• _Exercise description_
Below is a set of entries; give all of them again exactly.

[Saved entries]
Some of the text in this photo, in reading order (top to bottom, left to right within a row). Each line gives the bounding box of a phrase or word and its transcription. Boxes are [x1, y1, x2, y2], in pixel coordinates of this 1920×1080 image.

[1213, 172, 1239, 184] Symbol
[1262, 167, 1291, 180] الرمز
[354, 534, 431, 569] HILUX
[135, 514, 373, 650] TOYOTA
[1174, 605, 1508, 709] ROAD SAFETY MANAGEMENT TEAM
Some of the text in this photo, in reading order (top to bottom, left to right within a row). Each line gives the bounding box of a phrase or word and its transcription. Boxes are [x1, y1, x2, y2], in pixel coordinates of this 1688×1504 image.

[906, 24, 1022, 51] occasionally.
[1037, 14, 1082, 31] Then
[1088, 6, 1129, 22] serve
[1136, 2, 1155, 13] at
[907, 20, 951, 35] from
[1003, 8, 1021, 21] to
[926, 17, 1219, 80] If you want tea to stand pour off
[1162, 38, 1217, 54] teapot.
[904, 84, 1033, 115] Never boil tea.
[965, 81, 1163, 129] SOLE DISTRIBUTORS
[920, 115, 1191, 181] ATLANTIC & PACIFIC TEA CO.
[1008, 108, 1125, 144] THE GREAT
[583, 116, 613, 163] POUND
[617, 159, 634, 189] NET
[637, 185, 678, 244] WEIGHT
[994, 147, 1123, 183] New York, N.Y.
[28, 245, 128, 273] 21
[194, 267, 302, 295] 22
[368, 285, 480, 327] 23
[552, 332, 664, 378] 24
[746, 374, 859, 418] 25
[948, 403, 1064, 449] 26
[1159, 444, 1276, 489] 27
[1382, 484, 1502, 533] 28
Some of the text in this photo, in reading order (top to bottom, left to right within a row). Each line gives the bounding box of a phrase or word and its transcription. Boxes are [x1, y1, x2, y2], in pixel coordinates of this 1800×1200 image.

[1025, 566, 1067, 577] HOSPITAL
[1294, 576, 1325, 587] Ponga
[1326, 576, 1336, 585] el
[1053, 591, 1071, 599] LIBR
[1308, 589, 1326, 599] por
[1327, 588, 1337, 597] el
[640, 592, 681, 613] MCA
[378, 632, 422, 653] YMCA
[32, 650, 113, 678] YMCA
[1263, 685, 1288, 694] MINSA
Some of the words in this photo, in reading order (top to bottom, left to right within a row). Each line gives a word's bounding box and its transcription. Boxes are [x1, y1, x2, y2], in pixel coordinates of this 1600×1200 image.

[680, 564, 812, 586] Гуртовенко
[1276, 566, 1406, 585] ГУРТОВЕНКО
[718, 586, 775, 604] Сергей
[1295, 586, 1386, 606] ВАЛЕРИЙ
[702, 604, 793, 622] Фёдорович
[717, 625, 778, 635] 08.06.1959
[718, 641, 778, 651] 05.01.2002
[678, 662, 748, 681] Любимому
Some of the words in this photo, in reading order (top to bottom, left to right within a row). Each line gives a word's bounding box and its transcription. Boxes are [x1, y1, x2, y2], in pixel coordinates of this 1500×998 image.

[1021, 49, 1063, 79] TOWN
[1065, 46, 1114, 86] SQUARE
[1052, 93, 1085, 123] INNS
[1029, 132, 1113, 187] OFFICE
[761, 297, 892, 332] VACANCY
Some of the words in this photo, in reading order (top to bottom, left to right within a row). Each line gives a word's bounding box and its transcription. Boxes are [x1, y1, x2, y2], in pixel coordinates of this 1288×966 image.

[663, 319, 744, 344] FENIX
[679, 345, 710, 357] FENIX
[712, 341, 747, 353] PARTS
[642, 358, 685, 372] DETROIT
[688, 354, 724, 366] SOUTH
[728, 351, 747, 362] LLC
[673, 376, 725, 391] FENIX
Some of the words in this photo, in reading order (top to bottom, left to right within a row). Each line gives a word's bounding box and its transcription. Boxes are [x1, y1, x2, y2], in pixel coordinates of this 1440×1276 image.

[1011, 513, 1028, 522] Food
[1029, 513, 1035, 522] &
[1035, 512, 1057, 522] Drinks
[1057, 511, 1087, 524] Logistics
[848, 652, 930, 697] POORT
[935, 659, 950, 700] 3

• _Answer for the task_
Some of the text in this photo, in reading order (top to bottom, left to right within a row). Each line gives the bounding box of a phrase or word and its transcription. Boxes are [x1, y1, x2, y2], in pixel coordinates of this 1920×1080 image.

[1213, 172, 1239, 184] Symbol
[1262, 167, 1291, 180] الرمز
[354, 534, 431, 569] HILUX
[135, 514, 373, 650] TOYOTA
[1174, 605, 1508, 709] ROAD SAFETY MANAGEMENT TEAM
Some of the text in this photo, in reading order (top to bottom, left to right within a row). Each line gives the bounding box of a phrase or word and its transcription. Boxes are [x1, y1, x2, y2], in pixel coordinates of this 1688×1504 image.

[906, 24, 1022, 51] occasionally.
[1037, 14, 1082, 31] Then
[1088, 6, 1129, 22] serve
[1136, 2, 1155, 13] at
[907, 20, 951, 35] from
[1003, 8, 1021, 21] to
[926, 17, 1219, 80] If you want tea to stand pour off
[1162, 38, 1217, 54] teapot.
[904, 84, 1033, 115] Never boil tea.
[965, 81, 1163, 129] SOLE DISTRIBUTORS
[920, 115, 1191, 181] ATLANTIC & PACIFIC TEA CO.
[1008, 108, 1125, 144] THE GREAT
[583, 116, 613, 163] POUND
[617, 159, 634, 189] NET
[637, 185, 678, 244] WEIGHT
[994, 147, 1123, 183] New York, N.Y.
[28, 245, 128, 273] 21
[194, 267, 302, 295] 22
[368, 285, 480, 327] 23
[552, 332, 664, 378] 24
[746, 374, 859, 418] 25
[948, 403, 1064, 449] 26
[1159, 444, 1276, 489] 27
[1382, 484, 1502, 533] 28
Some of the text in this photo, in reading order (top to bottom, left to right within a row). Each line gives the bounding box of a phrase or word and its transcription. Boxes are [x1, y1, x2, y2], in pixel coordinates of this 1800×1200 image.

[1025, 566, 1067, 577] HOSPITAL
[1294, 576, 1325, 587] Ponga
[1326, 576, 1336, 585] el
[1053, 591, 1071, 599] LIBR
[1308, 589, 1326, 599] por
[1327, 588, 1337, 597] el
[640, 592, 681, 613] MCA
[378, 632, 422, 653] YMCA
[32, 650, 113, 678] YMCA
[1263, 685, 1288, 694] MINSA
Some of the words in this photo, in reading order (top to bottom, left to right within a row). Each line gives a word's bounding box and its transcription. Boxes are [x1, y1, x2, y2], in pixel coordinates of this 1600×1200 image.

[680, 564, 812, 586] Гуртовенко
[1276, 566, 1406, 585] ГУРТОВЕНКО
[718, 586, 775, 604] Сергей
[1295, 586, 1386, 606] ВАЛЕРИЙ
[702, 604, 793, 622] Фёдорович
[717, 625, 778, 635] 08.06.1959
[718, 641, 778, 651] 05.01.2002
[678, 662, 748, 681] Любимому
Some of the words in this photo, in reading order (top to bottom, left to right within a row). Each line gives a word's bounding box and its transcription. Boxes are [x1, y1, x2, y2], in pixel coordinates of this 1500×998 image.

[1021, 49, 1063, 79] TOWN
[1065, 46, 1114, 86] SQUARE
[1052, 93, 1085, 123] INNS
[1029, 132, 1113, 187] OFFICE
[761, 297, 892, 332] VACANCY
Some of the words in this photo, in reading order (top to bottom, left to right within a row). Each line gives a word's bounding box and its transcription. Boxes are [x1, y1, x2, y2], in pixel coordinates of this 1288×966 image.

[663, 319, 744, 344] FENIX
[679, 345, 710, 357] FENIX
[712, 341, 747, 353] PARTS
[642, 358, 685, 372] DETROIT
[688, 354, 724, 366] SOUTH
[728, 351, 747, 362] LLC
[673, 376, 725, 391] FENIX
Some of the words in this photo, in reading order (top to bottom, left to right within a row). Each line gives a word's bounding box and its transcription. Boxes are [x1, y1, x2, y2], in pixel coordinates of this 1440×1276 image.

[1011, 513, 1028, 522] Food
[1029, 513, 1035, 522] &
[1035, 512, 1057, 522] Drinks
[1057, 511, 1087, 524] Logistics
[848, 652, 930, 697] POORT
[935, 659, 950, 700] 3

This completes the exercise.